“Expository preaching is the best method for displaying and conveying your conviction that the whole Bible is true… A careful expository sermon makes it easier for the hearers to recognize that the authority rest not in the speaker’s opinions or reasoning but in God, in his revelation through the text itself… Expository preaching enables God to set the agenda for your Christian community… Expository preaching lets the text set the agenda for the preacher as well… Exposition can prevent us from riding our personal hobbyhorses and pet issues… A steady diet of expository sermons also teaches your audience how to read their own Bibles” (Timothy Keller, Preaching, 32-38).
“Expository sermons help us let God set the agenda for our lives…. Secondly, expository preaching treats the Bible as God treated it, respecting particular contexts, history and style of the human authors” (Peter Adams, Speaking God’s Words: A Practical Theology of Preaching, 128).
“An expository sermon may be defined as a message whose structure and thought are derived from a biblical text, that covers the scope of the text, and that explains the features and context of the text in order to disclose the enduring principle for faithful thinking, living, and worship intended by the Spirit, who inspired the text” (Bryan Chapell, Christ-Centered Preaching, 31).
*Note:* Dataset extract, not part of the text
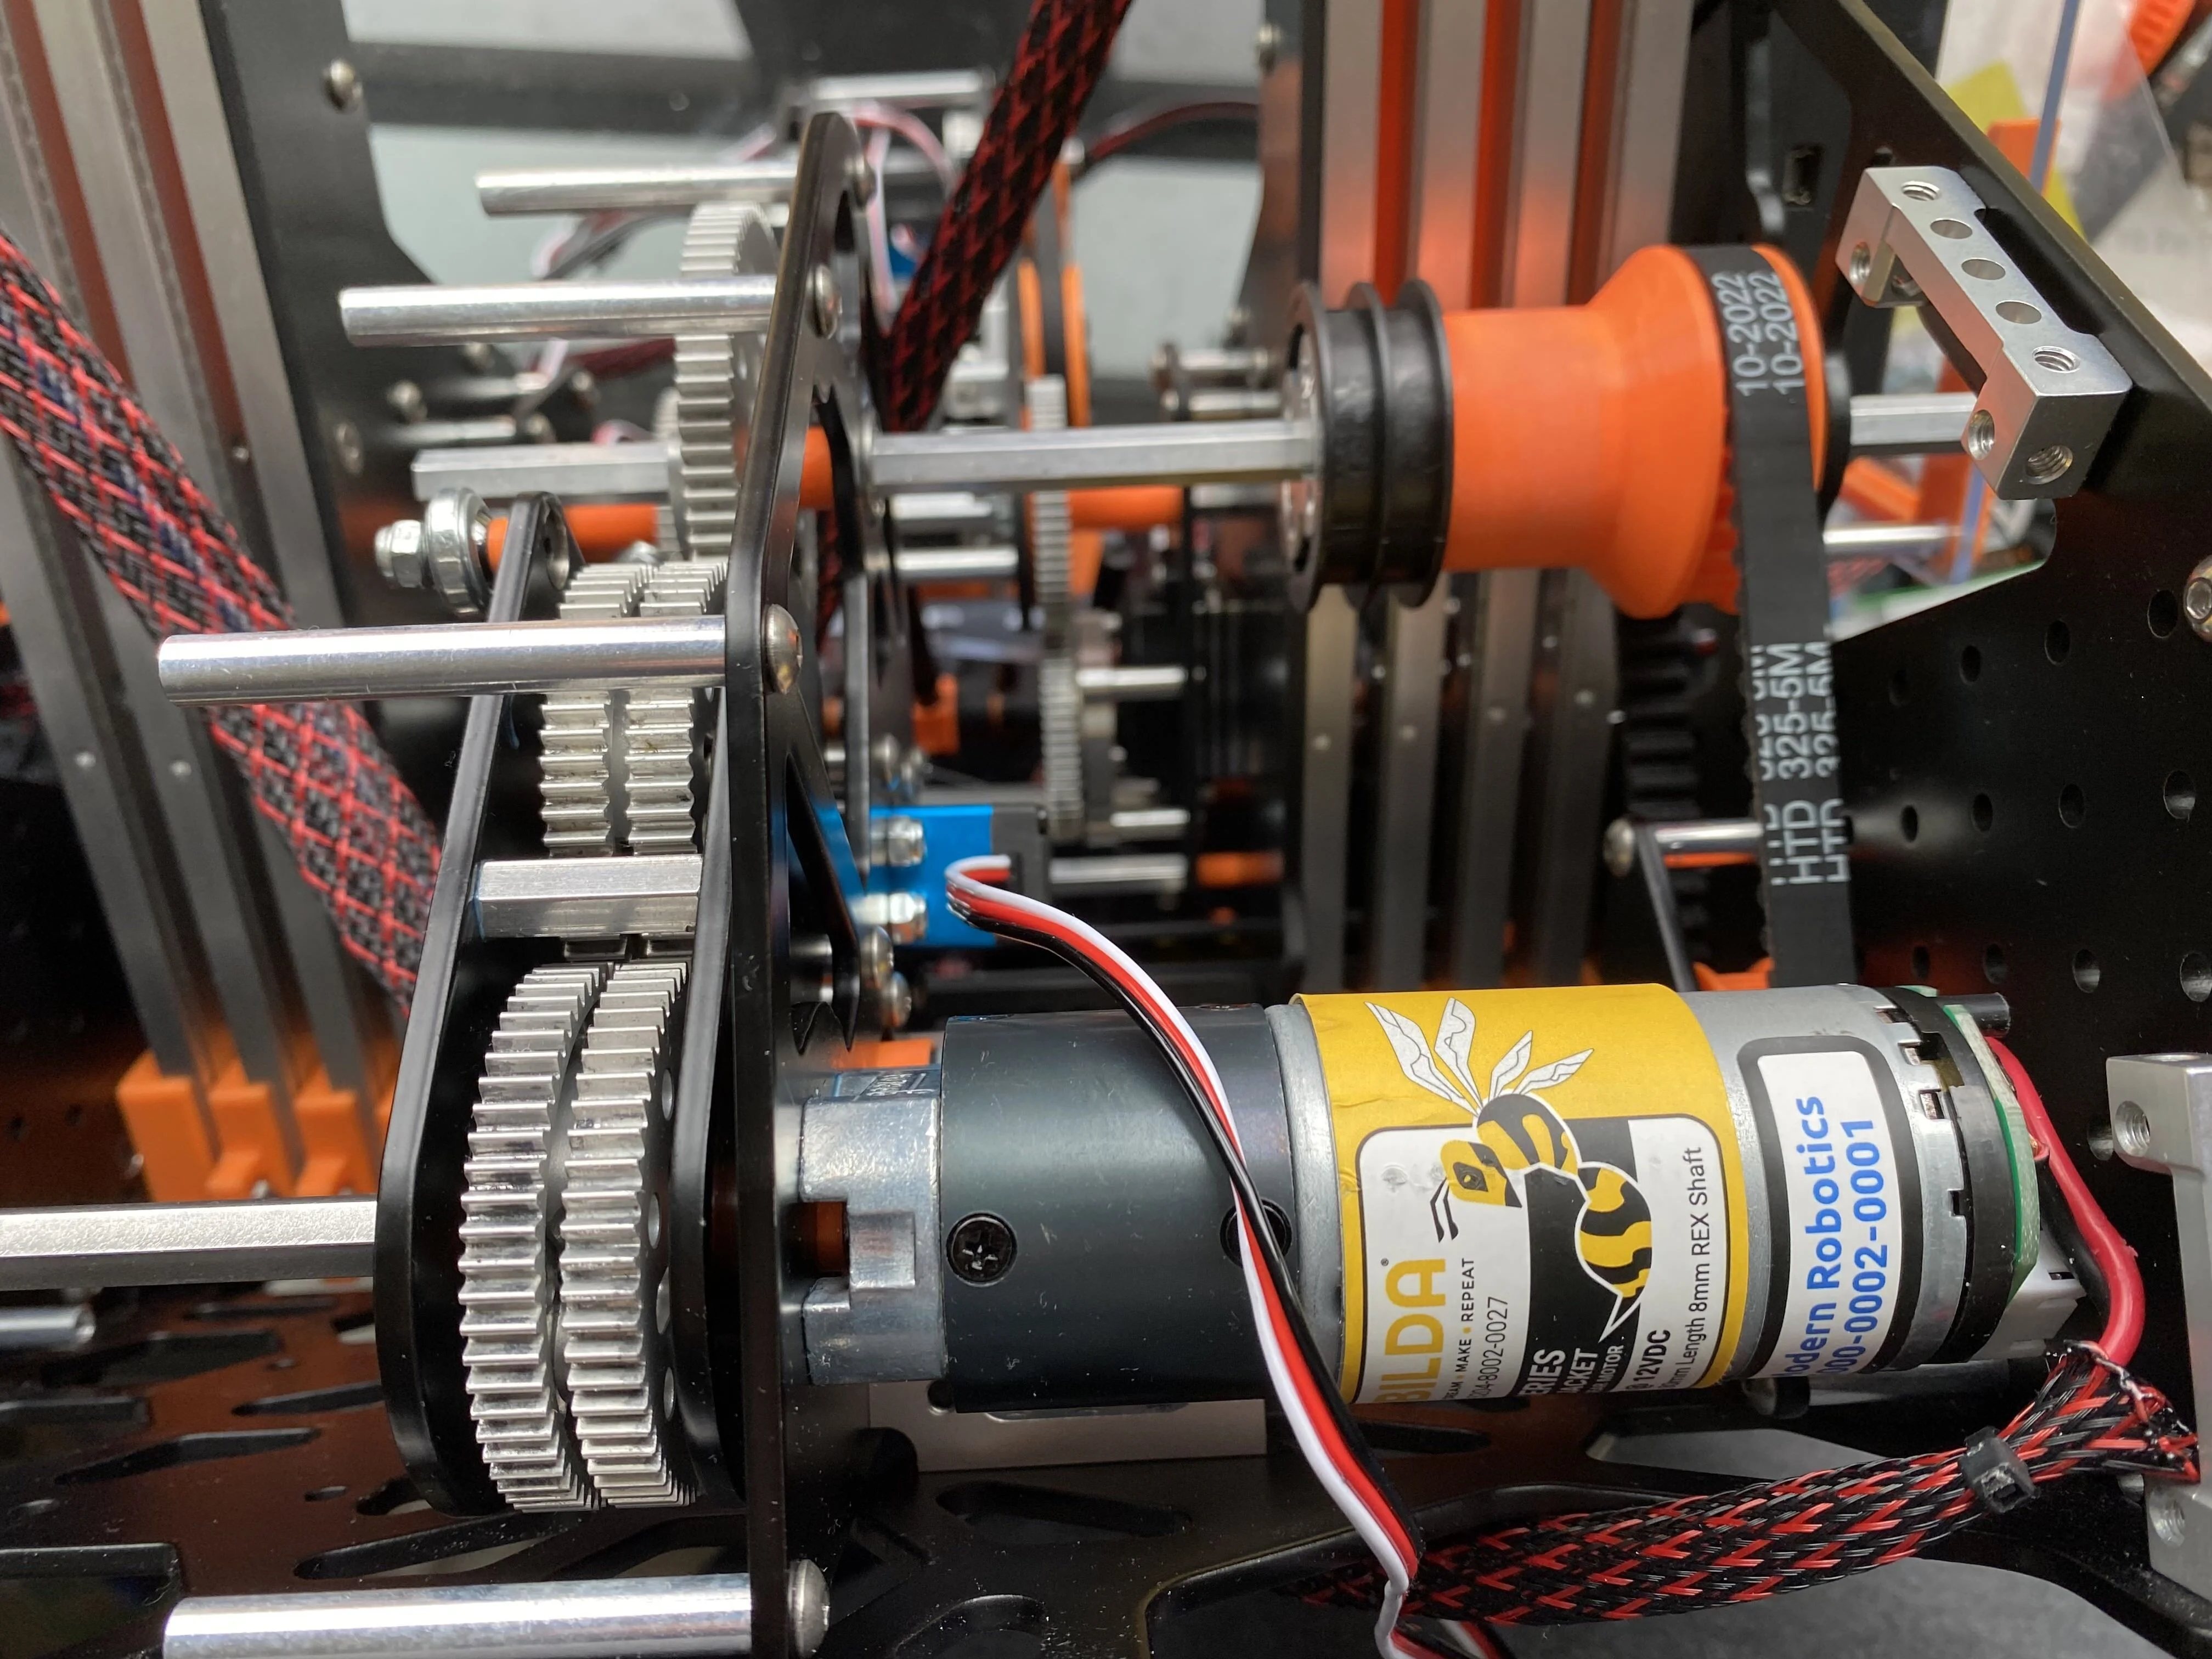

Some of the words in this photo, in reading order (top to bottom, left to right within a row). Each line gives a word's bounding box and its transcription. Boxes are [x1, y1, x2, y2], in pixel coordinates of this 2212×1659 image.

“An expository sermon or lesson is one that takes a minimum of a full paragraph (a scene in a narrative or a strophe in poetry) and allows the biblical text to supply both the shape and the content of the message or lesson of that text itself” (Walter C. Kaiser Jr., Preaching and Teaching from the Old Testament, 49).
“Expository preaching is the communication of a biblical concept, derived from and transmitted through a historical, grammatical, and literary study of a passage in its context, which the Holy Spirit first applied to the personality and experience of the preacher, then through him to his hearers” (Haddon W. Robinson, Expository Preaching, 20).
“The nature of the sermon is to apply the word of God to the wills of the hearers with a view to moving them to want to conform to that word. Exegesis is an important aspect of the preparation of any sermon, but exegesis is not the sermon. Exegesis seeks to understand what the text means in its own immediate context. A sermon must move from the meaning of the text to the legitimate application of that meaning to our contemporary context in the light of the gospel” (Graeme Goldsworthy, Preaching the Whole Bible as Christian Scripture, 121).
“The explanation and application of the Word to the congregation of Christ in order to produce corporate perpetration for service, unity of faith, maturity, growth and upbuilding” (Peter Adams, Speaking God’s Words: A Practical Theology of Preaching, 71).
“Expository preaching is that mode of Christian preaching that takes as its central purpose the presentation and application of the text of the Bible. All other concerns are subordinated to the central task of presenting the biblical text. As the Word of God, the text of Scripture has the right to establish both the substance and the structure of the sermon. Genuine exposition takes place when the preacher sets forth the meaning and message of the biblical text and makes clear how the Word of God establishes the identity and worldview of the church as the people of God” (R. Albert Mohler Jr., He is Not Silent: Preaching in a Post-Modern World, 65).
“To expound Scripture is to bring out of the text what is there and it expose it to view. The expositor pries open what appears to be closed, makes plain what is obscure, unravels what is knotted and unfolds what is tightly packed. The opposite of exposition is ‘imposition,’ which is to impose on the text what is not there. But the ‘text’ in question could be a verse, or a sentence, or even a single word. It could equally be a paragraph, or a chapter, or even a whole book. The size of the text is immaterial, so long as it is biblical. What matters is what we do with it. Whether long or short, our responsibility as expositors is to open it up in such a way that it speaks its message clearly, plainly, accurately, relevantly, without addition, subtraction or falsification” (John Stott, Between Two World, 125-26).
“Printing has become a mighty agency for good and for evil; and Christians should employ it, with the utmost diligence and in every possible way, for the spread of truth. But printing can never take the place of the living word. When a man who is apt in teaching, whose soul is on fire with the truth which he trusts saved him and hopes will save others, speaks to his fellow-men, face to face, eye to eye, and electric sympathies flash to and fro between him and his hearers, till they lift each other up, higher and higher, into the intensest thought, and the most impassioned emotion… there is a power to move men, to influence character, life, destiny, such as no printed page can possess” (John A. Broadus, A Treatise on the Preparation and Delivery of Sermons, 1).
 Keller, however, also says, “We must not try to define expository preaching too strictly” (Timothy Keller, Preaching, 42) and “There are… two basic forms of preaching: expository and topical… They must both be used” (30).